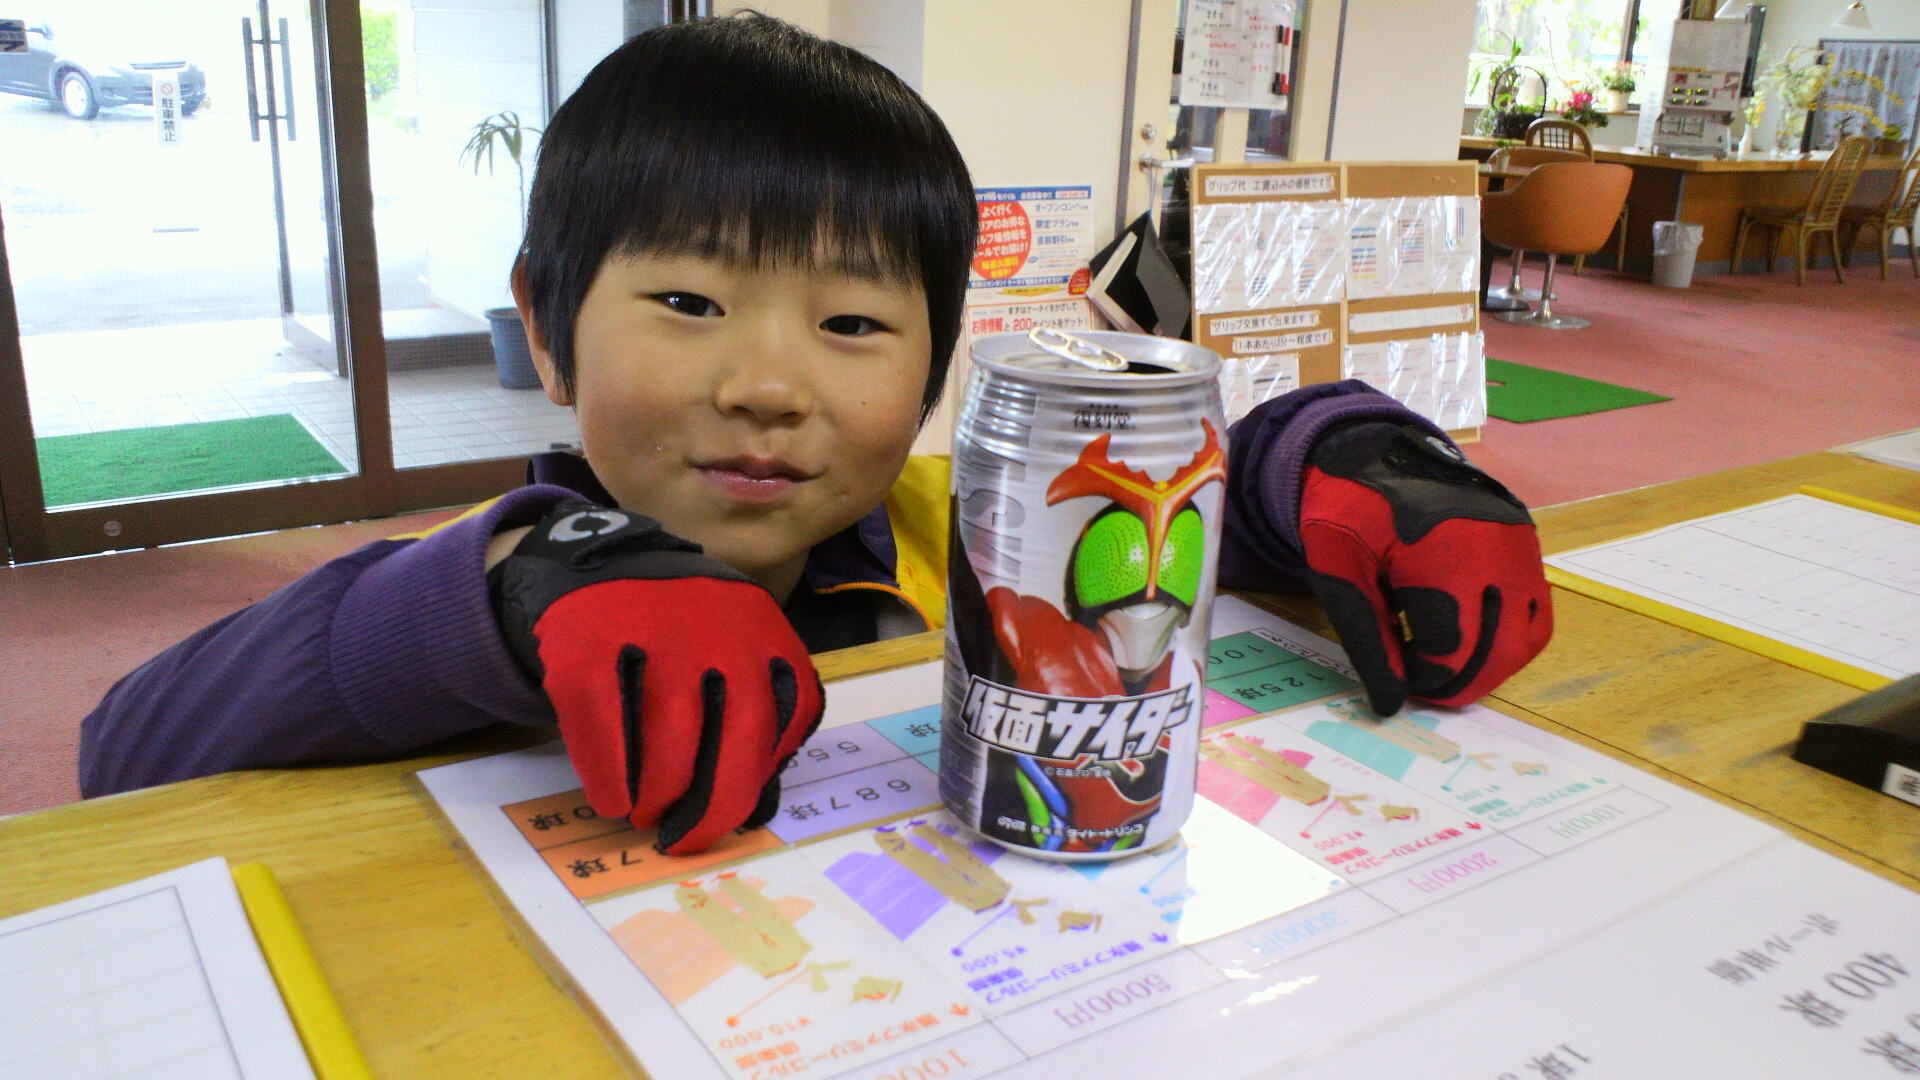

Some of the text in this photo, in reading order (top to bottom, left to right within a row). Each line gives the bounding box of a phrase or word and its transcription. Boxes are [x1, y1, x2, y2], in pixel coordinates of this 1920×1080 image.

[162, 97, 176, 142] 駐車禁止
[1209, 180, 1246, 192] グリップ代
[978, 216, 1026, 231] リアのお得な
[981, 203, 1013, 218] よく行く
[977, 229, 1027, 245] ルフ場情報を
[905, 722, 941, 738] 球
[964, 680, 1193, 759] 仮面サイダー
[784, 779, 911, 822] 687球
[1547, 803, 1626, 840] 1000円
[1313, 830, 1367, 851] ¥2,000
[1407, 851, 1499, 894] 2000円
[1244, 908, 1349, 957] 3000円
[961, 945, 1029, 973] ¥5,000
[1053, 973, 1172, 1029] 5000円
[719, 1017, 812, 1050] ¥10,000
[874, 1047, 969, 1080] 100
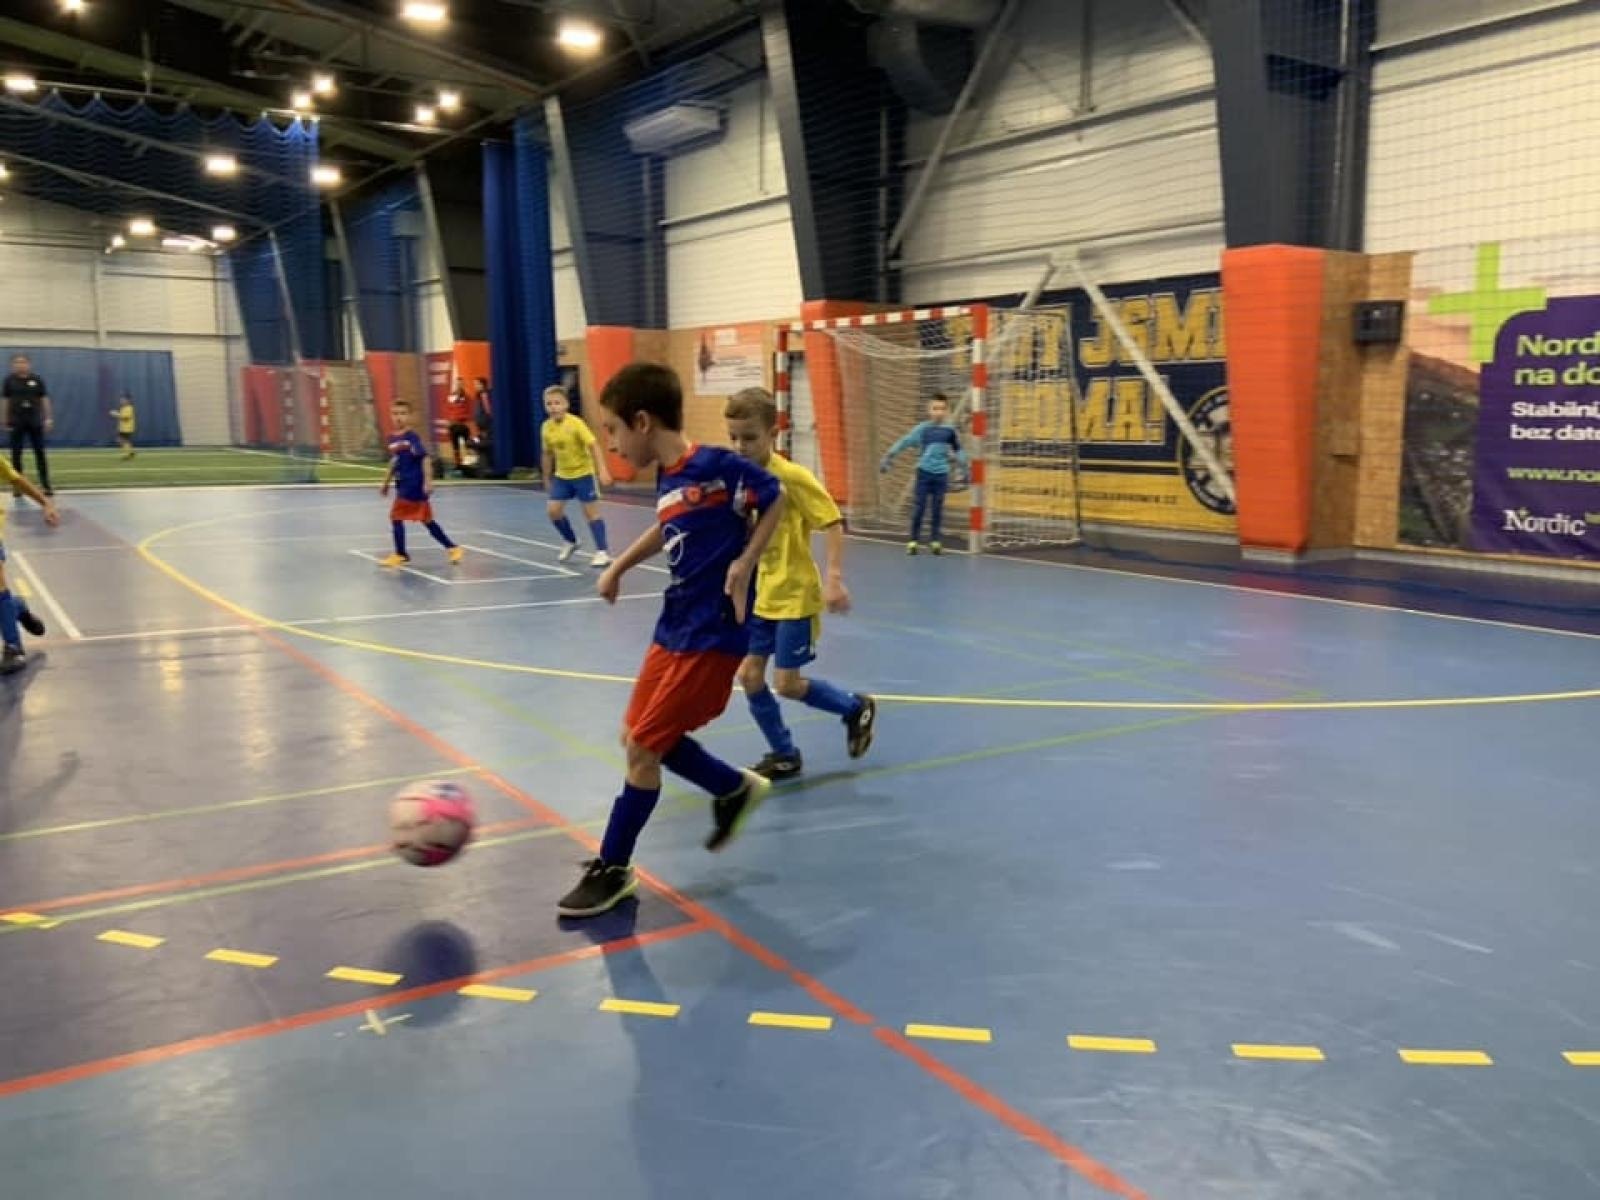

════

> Instructions for the task: An exact transcription of the records above is needed, with no pictures included.

> Result for this task:
Some of the text in this photo, in reading order (top to bottom, left to right within a row). Each line gives the bounding box of a phrase or word and its transcription. Boxes are [x1, y1, x2, y2], in pixel coordinates of this 1920×1080 image.

[162, 97, 176, 142] 駐車禁止
[1209, 180, 1246, 192] グリップ代
[978, 216, 1026, 231] リアのお得な
[981, 203, 1013, 218] よく行く
[977, 229, 1027, 245] ルフ場情報を
[905, 722, 941, 738] 球
[964, 680, 1193, 759] 仮面サイダー
[784, 779, 911, 822] 687球
[1547, 803, 1626, 840] 1000円
[1313, 830, 1367, 851] ¥2,000
[1407, 851, 1499, 894] 2000円
[1244, 908, 1349, 957] 3000円
[961, 945, 1029, 973] ¥5,000
[1053, 973, 1172, 1029] 5000円
[719, 1017, 812, 1050] ¥10,000
[874, 1047, 969, 1080] 100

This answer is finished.